Work task. Repeat every line of the data exactly; the pictures stay out.

Source data.
######

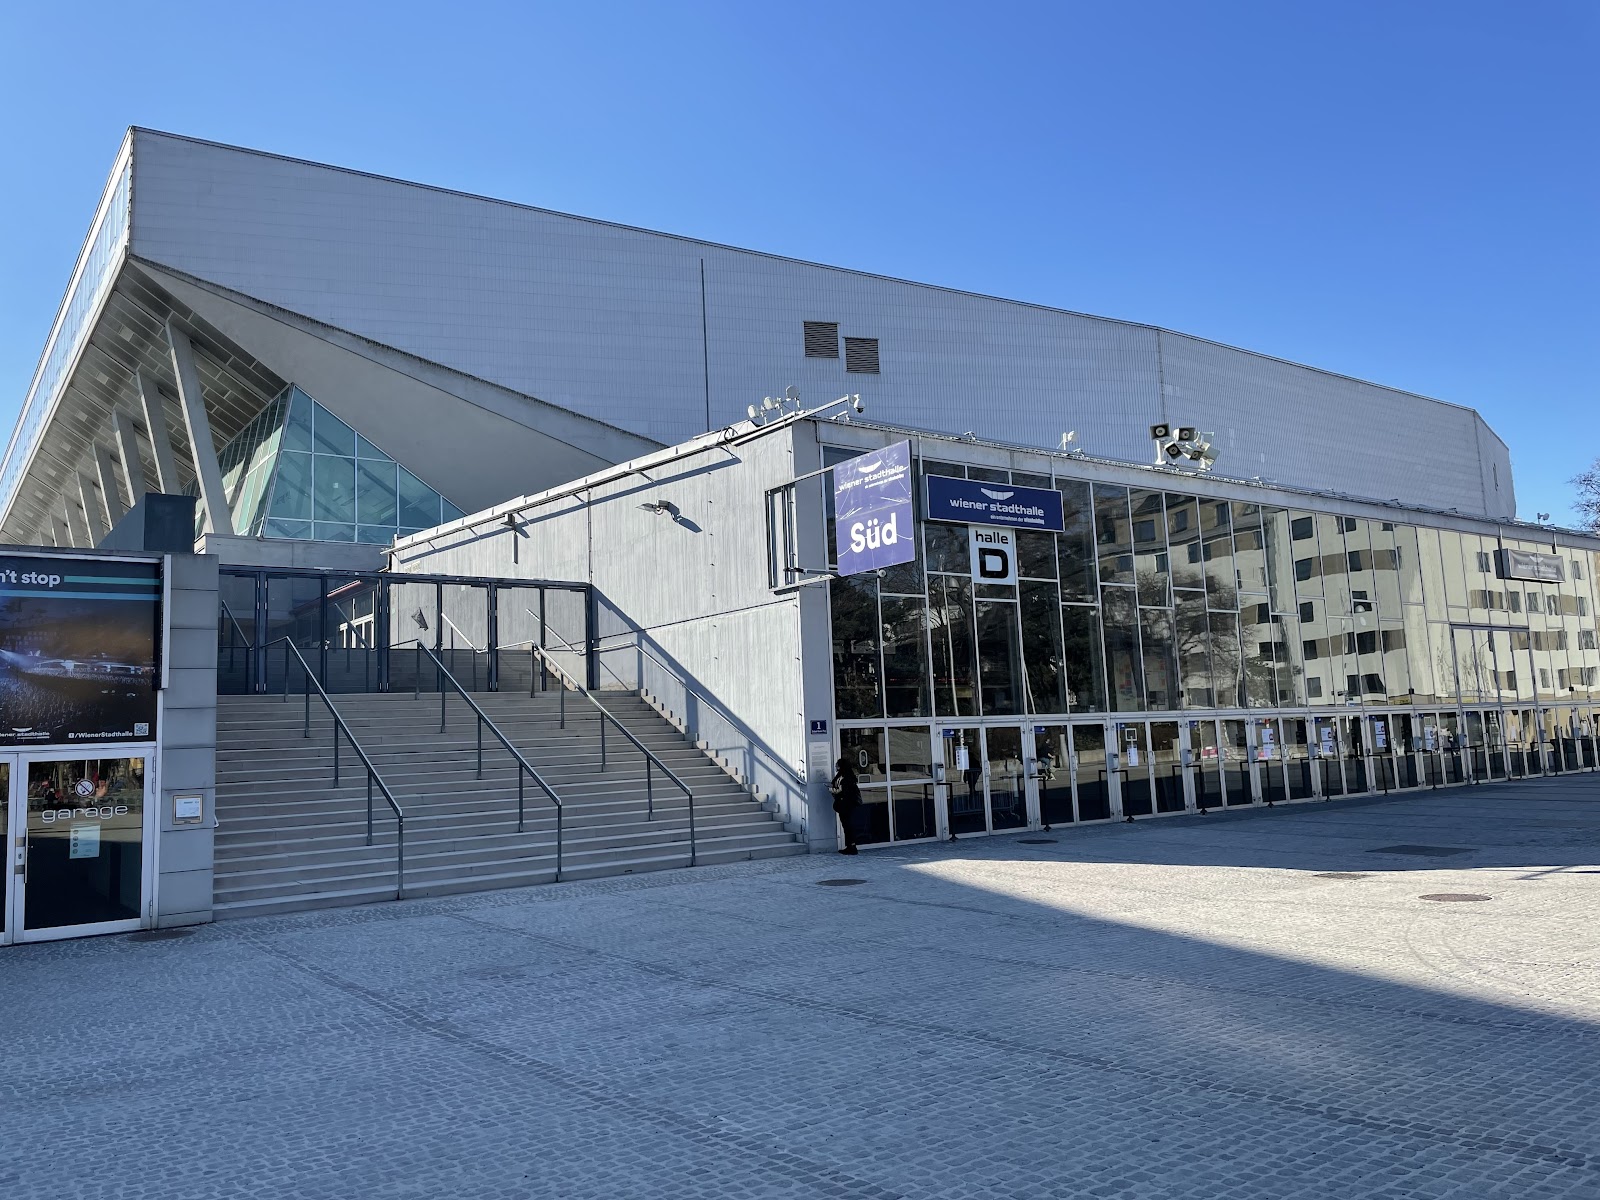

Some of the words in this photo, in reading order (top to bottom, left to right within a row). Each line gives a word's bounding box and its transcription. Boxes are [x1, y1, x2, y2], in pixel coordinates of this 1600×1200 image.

[838, 478, 863, 491] wiener
[864, 465, 904, 483] stadthalle
[949, 498, 988, 511] wiener
[989, 502, 1045, 516] stadthalle
[850, 512, 898, 554] Süd
[975, 530, 1009, 545] halle
[978, 547, 1009, 579] D
[21, 571, 61, 588] stop
[816, 721, 821, 730] 1
[41, 805, 129, 824] garage
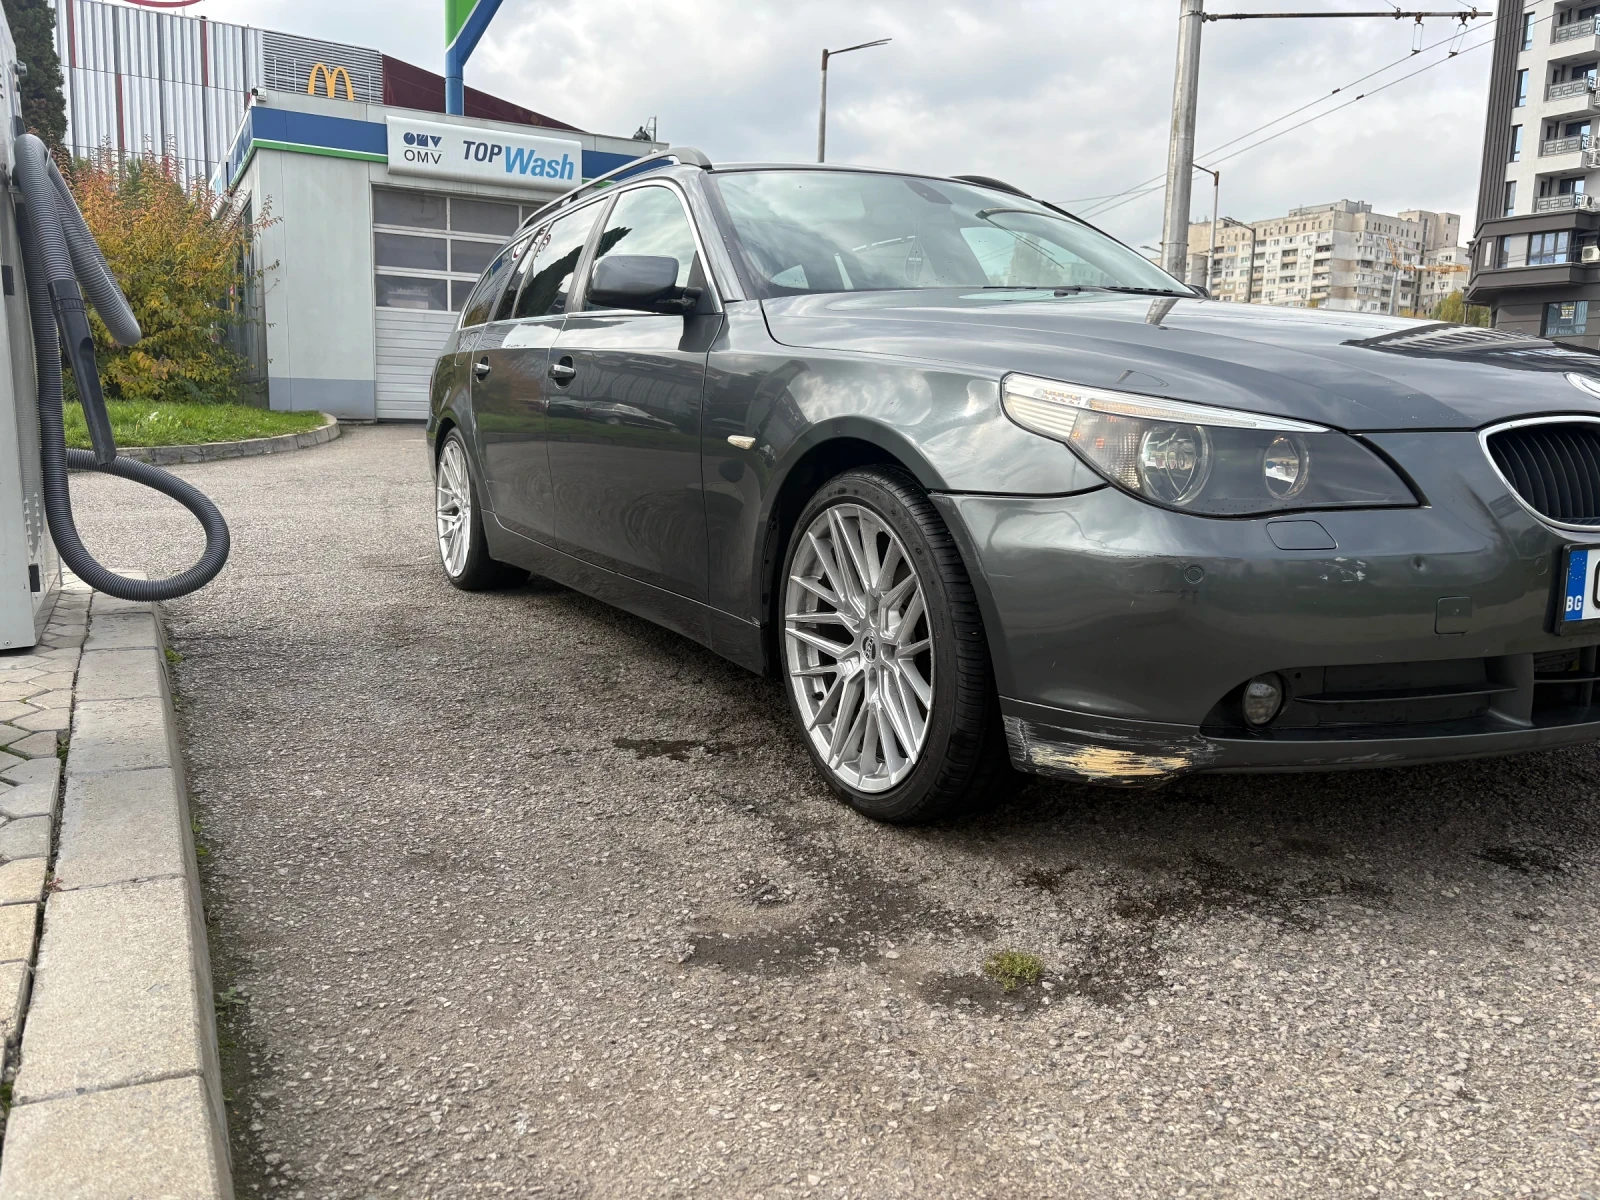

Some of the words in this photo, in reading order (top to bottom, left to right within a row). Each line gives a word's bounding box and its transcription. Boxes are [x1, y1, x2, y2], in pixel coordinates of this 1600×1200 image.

[403, 149, 442, 165] OMV
[463, 140, 503, 163] TOP
[505, 146, 575, 180] Wash
[1566, 595, 1582, 612] BG
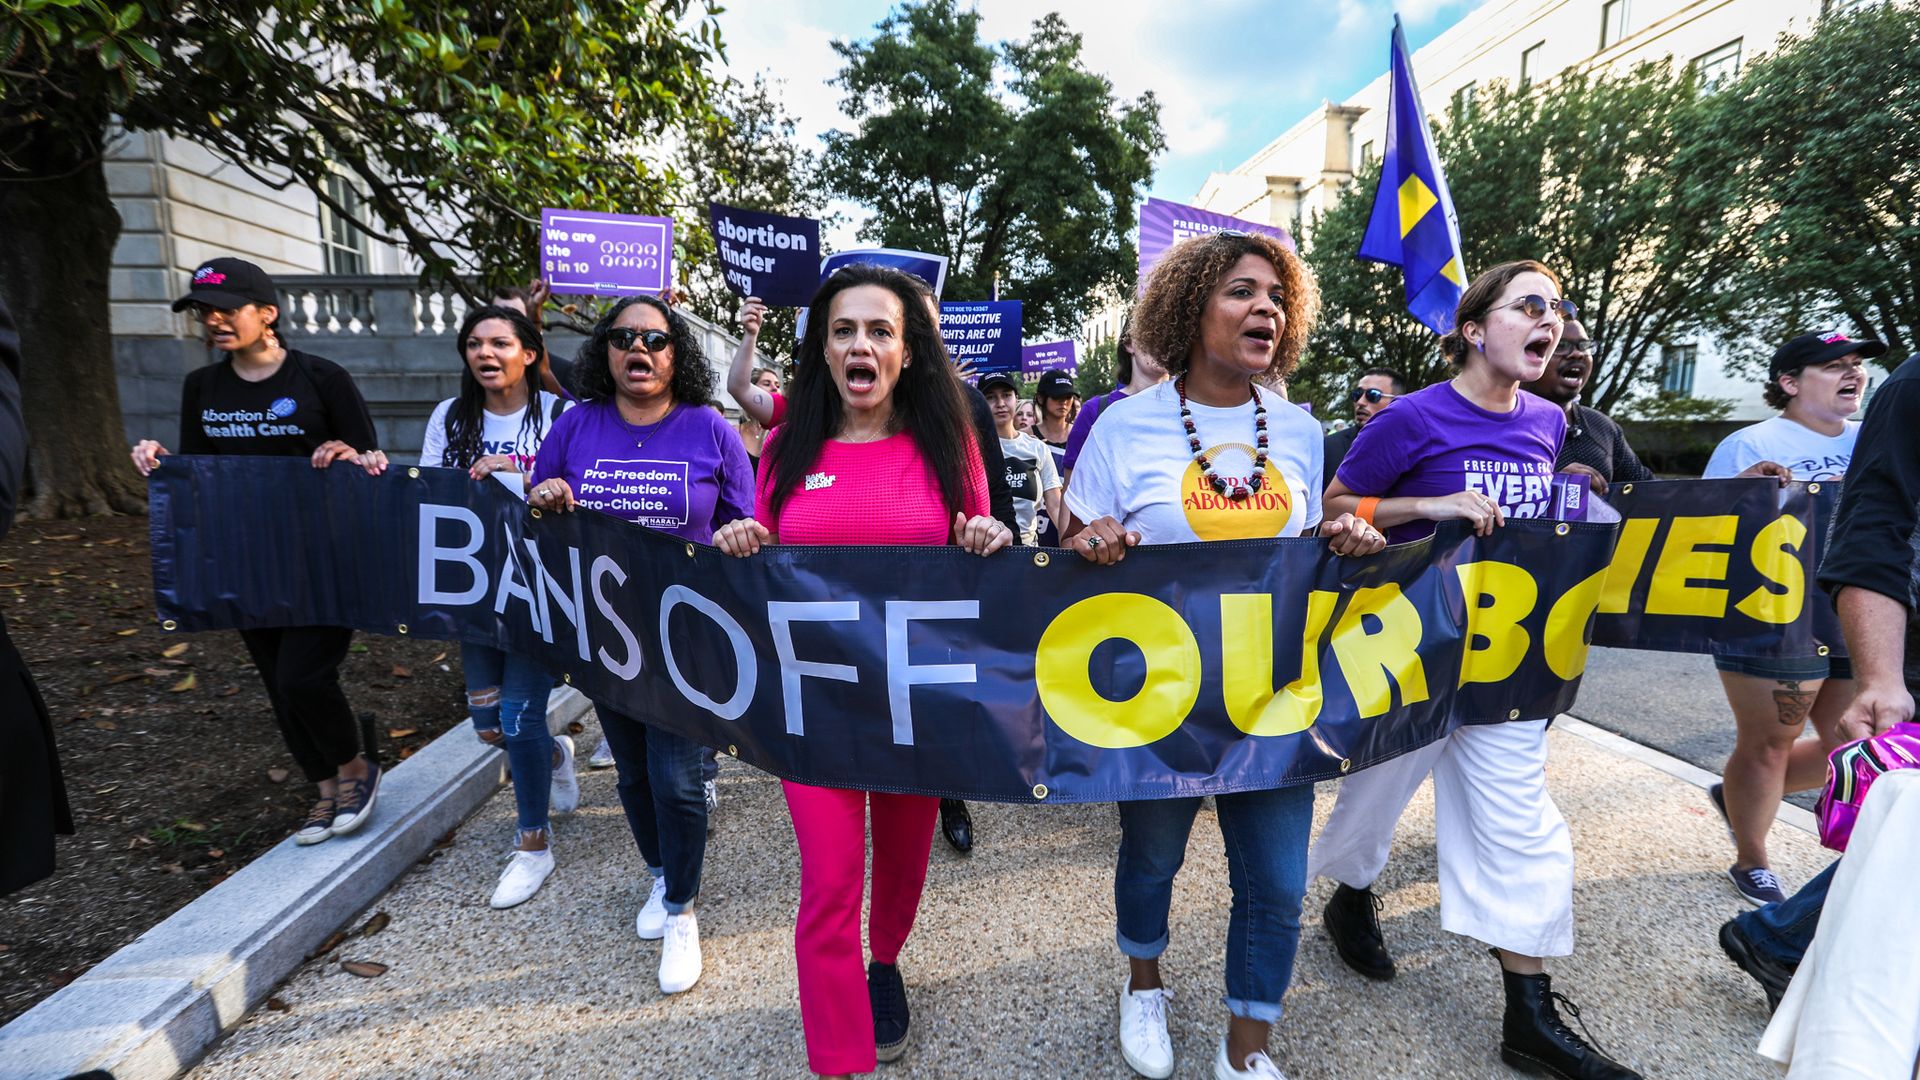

######

Result of the task.
Some of the words in this photo, in reading order (top to bottom, left to right within a row). Each line gives a word's bounding box and its transcription. Boxes are [x1, y1, x2, y2], in pixel coordinates of this 1600×1200 image.

[838, 478, 863, 491] wiener
[864, 465, 904, 483] stadthalle
[949, 498, 988, 511] wiener
[989, 502, 1045, 516] stadthalle
[850, 512, 898, 554] Süd
[975, 530, 1009, 545] halle
[978, 547, 1009, 579] D
[21, 571, 61, 588] stop
[816, 721, 821, 730] 1
[41, 805, 129, 824] garage

Some of the words in this photo, in reading order (top to bottom, left to right within a row). Each line gives a word's bounding box and its transcription. Boxes are [x1, y1, x2, y2], in pixel coordinates of this 1600×1200 image.

[403, 149, 442, 165] OMV
[463, 140, 503, 163] TOP
[505, 146, 575, 180] Wash
[1566, 595, 1582, 612] BG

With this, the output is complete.